A dispute over proceeds from a GoFundMe campaign has torn apart a Southwest Portland neighborhood association.
The organizers: Residents of the South Burlingame neighborhood, which lies just south of the Terwilliger curves of Interstate 5.
The beneficiary: The crowdfunding campaign, launched in 2018, was set up to finance a land use appeal intended to block construction of a 21-house development in South Burlingame. In February of that year, the Portland City Council sided with the neighbors and spiked the development.
But six years later, the whereabouts of more than $9,000 from that GoFundMe account is a question that has imploded the South Burlingame Neighborhood Association.
The dispute: On March 4, the SBNA board of directors held a special meeting. Board members said they had come to believe that Shannon Hiller-Webb—immediate past president of the neighborhood association and the controller of the GoFundMe account—had improperly taken $9,798 from the fundraiser, including over $6,000 in unpaid legal fees owed to the lawyer neighbors retained in 2018 to fight the development.
After receiving materials for the March 4 meeting in late February that made clear the Board was seeking to oust her, Hiller-Webb resigned March 2. At the March 4 meeting, members voted 50-0 to accept Hiller-Webb’s resignation and present her with a settlement agreement requiring her to pay the lawyer and return the remaining alleged missing funds.
“Hiller-Webb refuses to provide an accounting of the funds,” the March 4 settlement agreement reads, which was drafted by the SBNA and a lawyer, Lindy Laurence, “despite persistent and repeated requests for such information.” The agreement pledged the neighborhood association wouldn’t contact local law enforcement authorities or government agencies “regarding the missing funds” if Hiller-Webb returned them by March 31.
Hiller-Webb denies she’s done anything wrong and tells WW she’s provided a thorough accounting to the board of where all the money went. (Hiller-Webb also says the GoFundMe campaign was never under the umbrella of SBNA; it was, in fact, the effort of an informal group of South Burlingame residents.)
She characterizes the unpaid lawyer bill as a “series of accidents with multiple parties” and says it’s since been resolved. Land use lawyer Carrie Richter confirms to WW that her firm received payment in full on March 11.
But the beef isn’t quashed. In fact, Hiller-Webb says her ousting from the association fits into a pattern of “extensive and well-documented bullying” she’s experienced over the years. Hiller-Webb alleges the SBNA’s settlement agreement “seems plainly like an attempt to extort money from me.”

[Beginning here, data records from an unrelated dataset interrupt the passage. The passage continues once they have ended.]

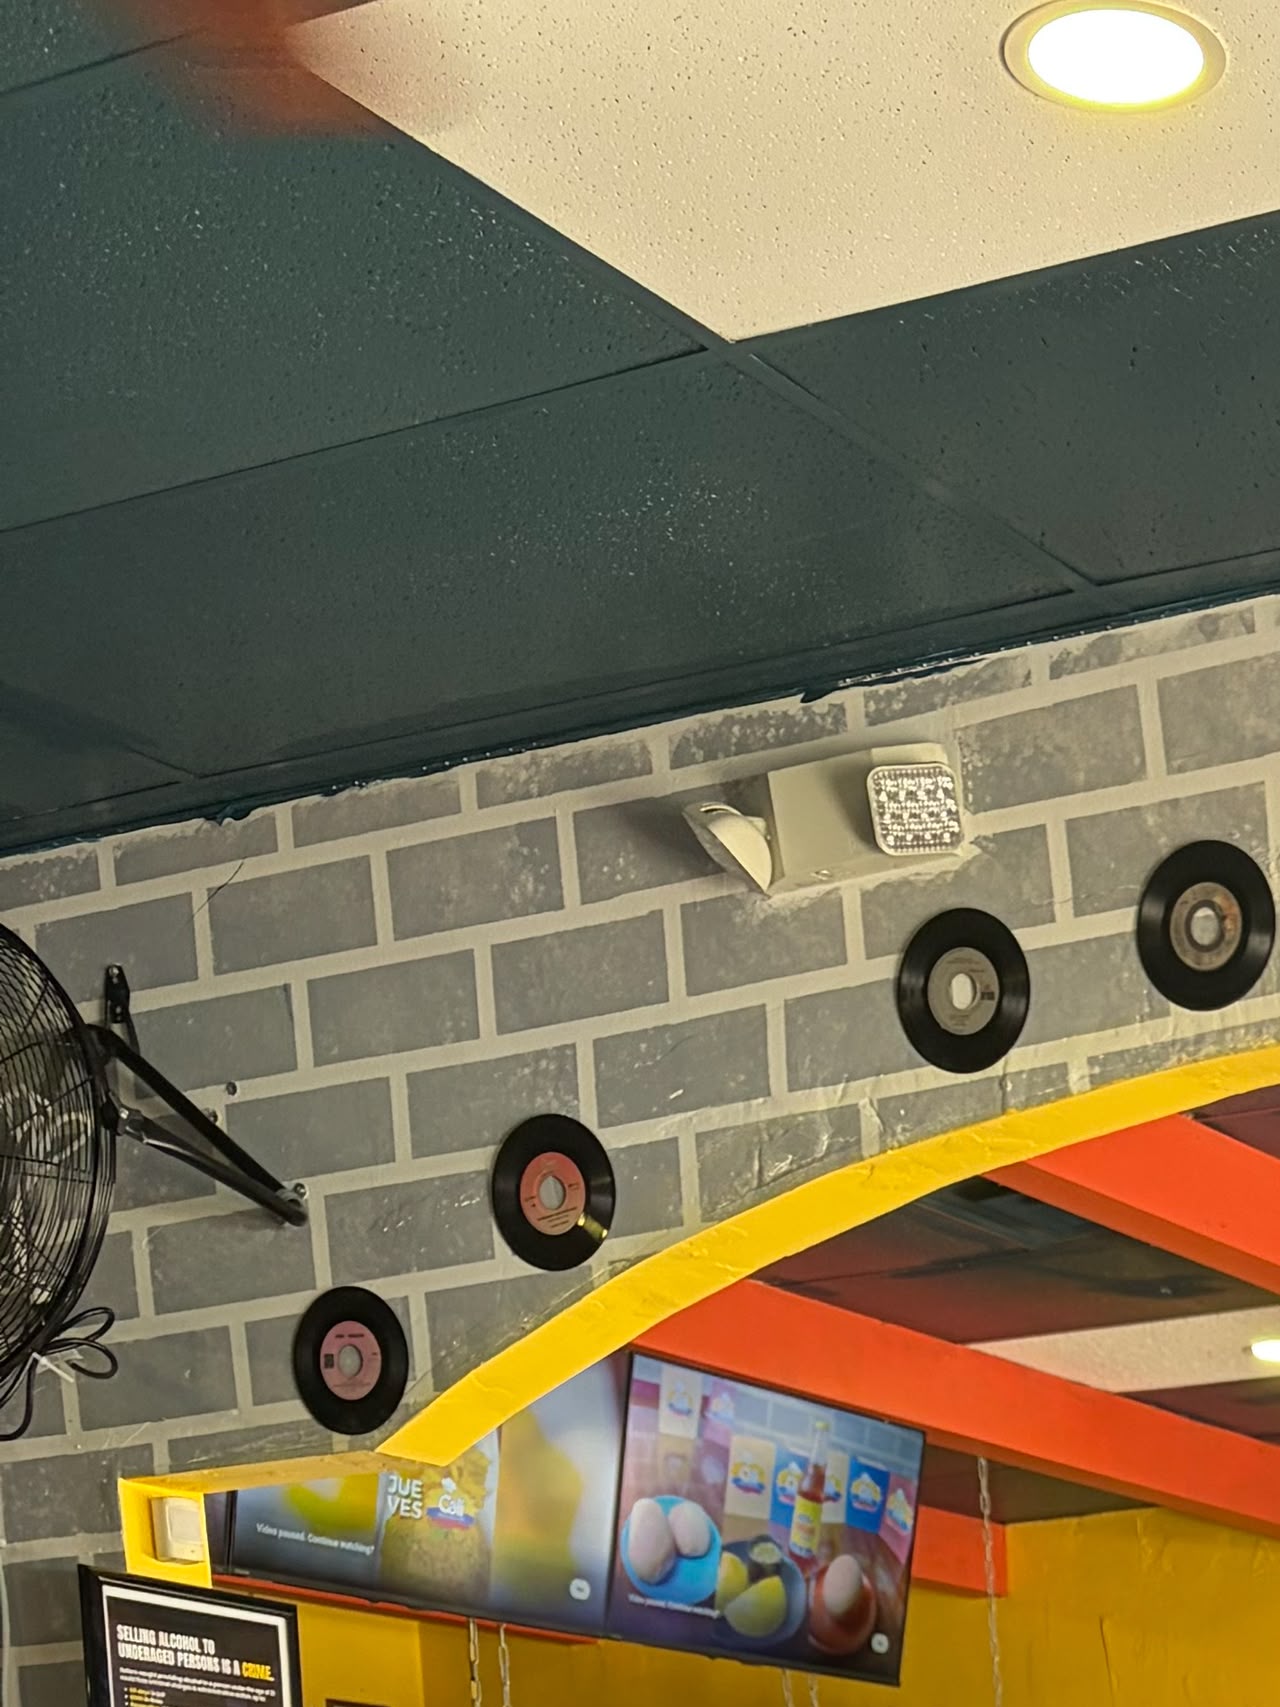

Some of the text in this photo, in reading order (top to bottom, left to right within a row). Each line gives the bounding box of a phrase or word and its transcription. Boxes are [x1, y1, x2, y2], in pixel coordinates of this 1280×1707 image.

[387, 1475, 423, 1498] JUE
[387, 1495, 423, 1519] VES
[116, 1624, 216, 1655] SELLING ALCOHOL TO
[118, 1642, 175, 1666] UNDERAGED
[177, 1652, 220, 1674] PERSONS
[221, 1658, 232, 1675] IS
[233, 1660, 241, 1677] A
[242, 1662, 275, 1682] CRIME.
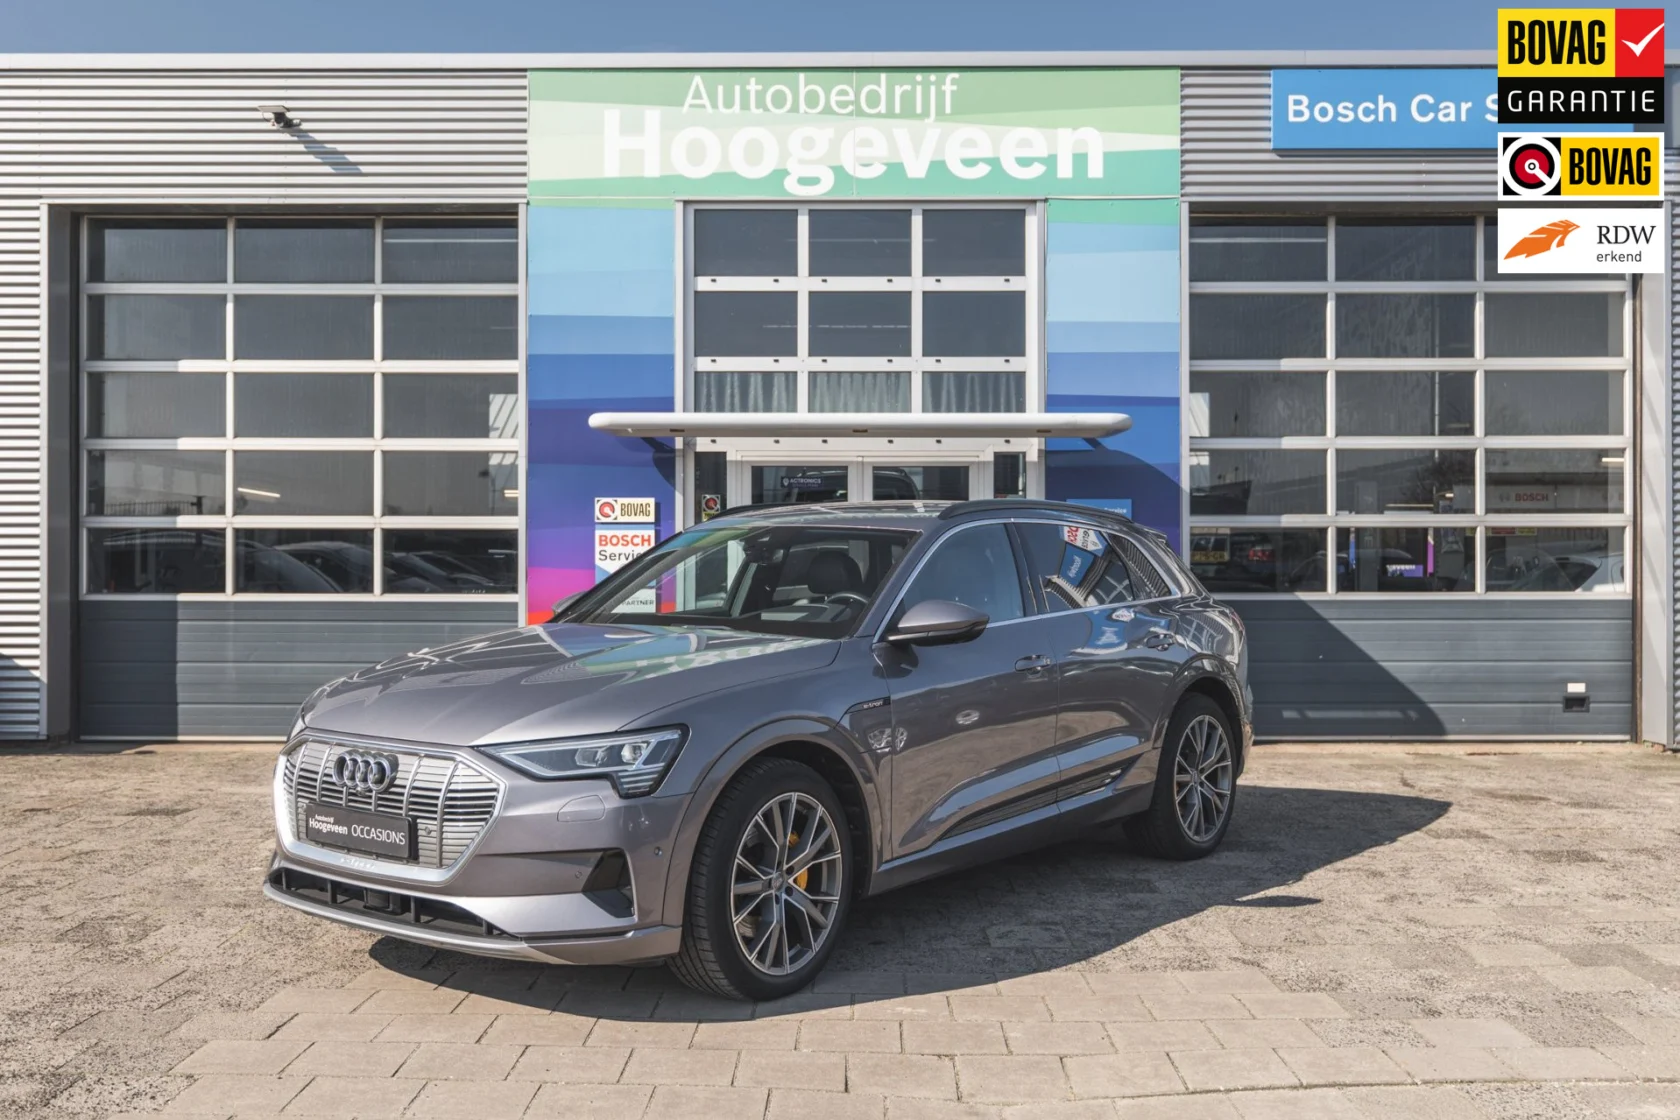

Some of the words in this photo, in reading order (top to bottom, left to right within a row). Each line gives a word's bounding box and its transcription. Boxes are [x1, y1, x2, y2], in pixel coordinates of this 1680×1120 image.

Hiller-Webb alleges the board’s actions are political retribution for her earlier legal crusade to get Southwest Neighborhoods Inc., an embattled coalition of neighborhood associations, to hand over certain public records. A Multnomah County judge sided with Hiller-Webb and her co-plaintiff in March 2022, two years after they filed the lawsuit.

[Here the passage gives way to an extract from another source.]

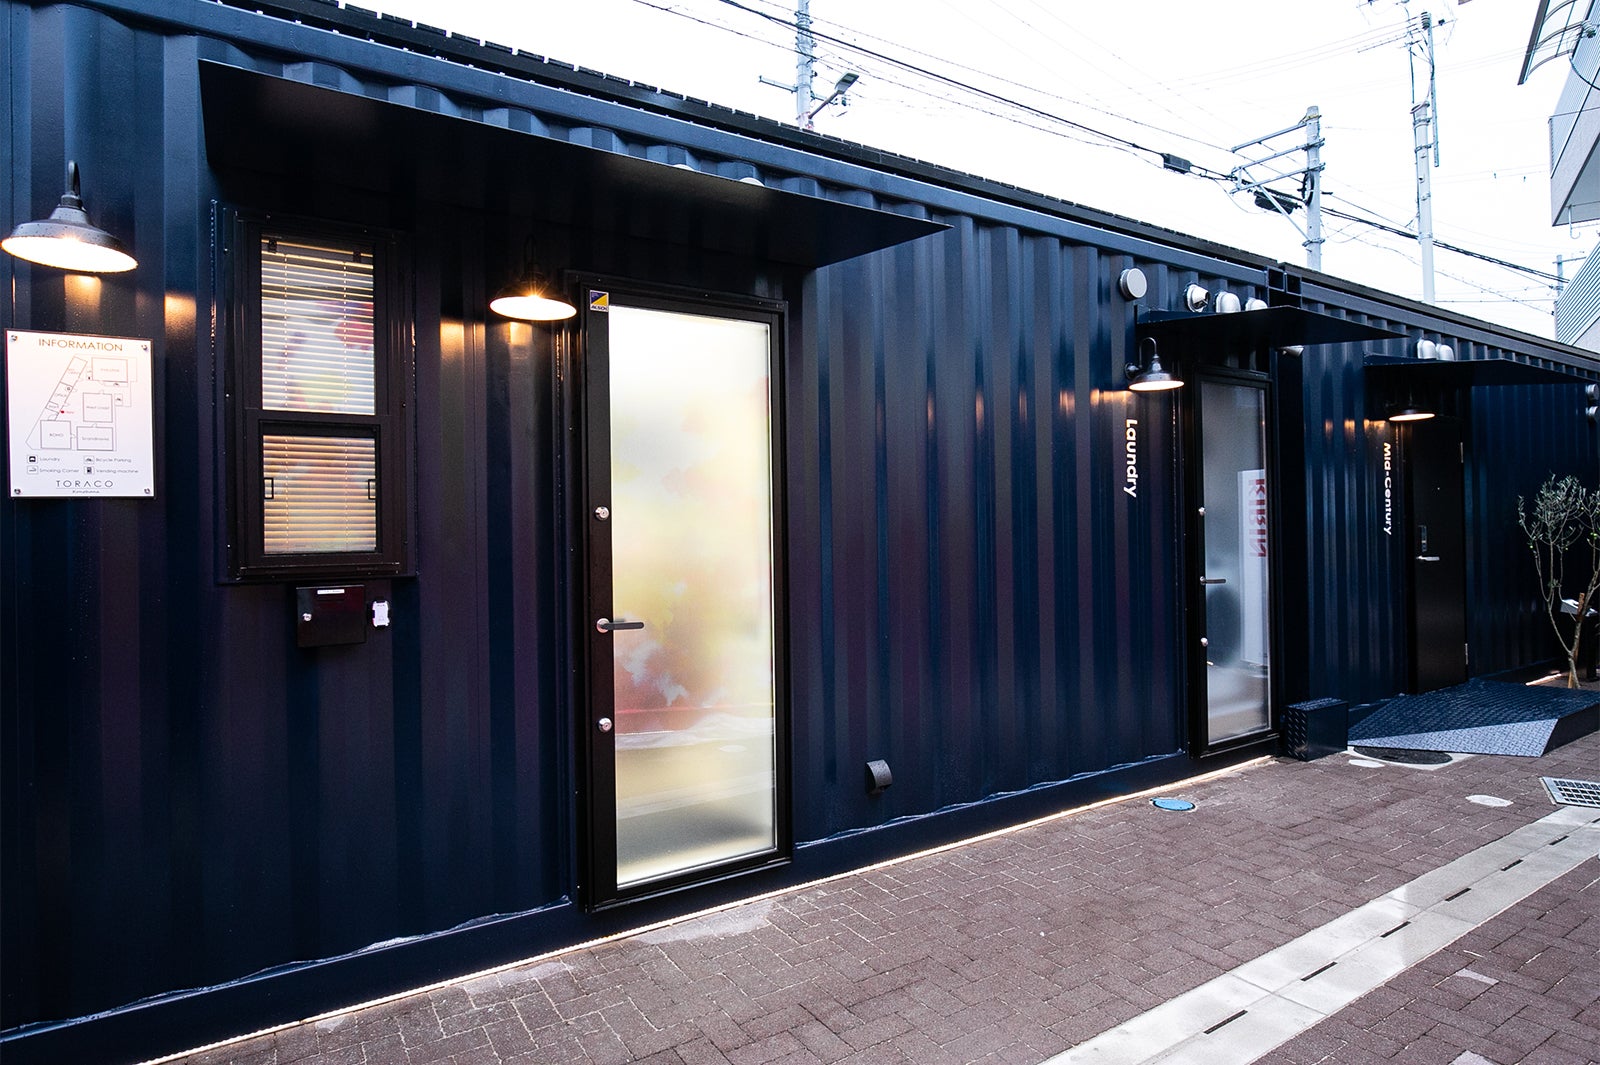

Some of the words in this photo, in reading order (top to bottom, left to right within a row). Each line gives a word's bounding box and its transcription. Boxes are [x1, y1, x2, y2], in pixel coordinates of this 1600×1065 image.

[38, 338, 123, 352] INFORMATION
[1123, 419, 1138, 498] Laundry
[55, 480, 114, 488] TORACO
[1383, 442, 1392, 536] Mid-Century

What’s next: Both parties are threatening to go to the cops.
Hiller-Webb says she filed a report with the FBI and another with the Portland Police Bureau. (She has also filed two grievances with the SBNA.)
On March 6, Laurence, who told WW she represented “a private individual” but in emails says she was asked for assistance by the SBNA, wrote to Hiller-Webb that if she didn’t sign the agreement, the board would be “left with no choice but to take more formal measures, including reporting this matter to state and federal law enforcement authorities.”
Neither the SBNA nor Laurence responded to WW’s requests for comment.
Clarification: A previous version of this story said the neighborhood was fighting a 21-unit apartment complex. In fact, they were fighting a proposed development for 21 single-family homes.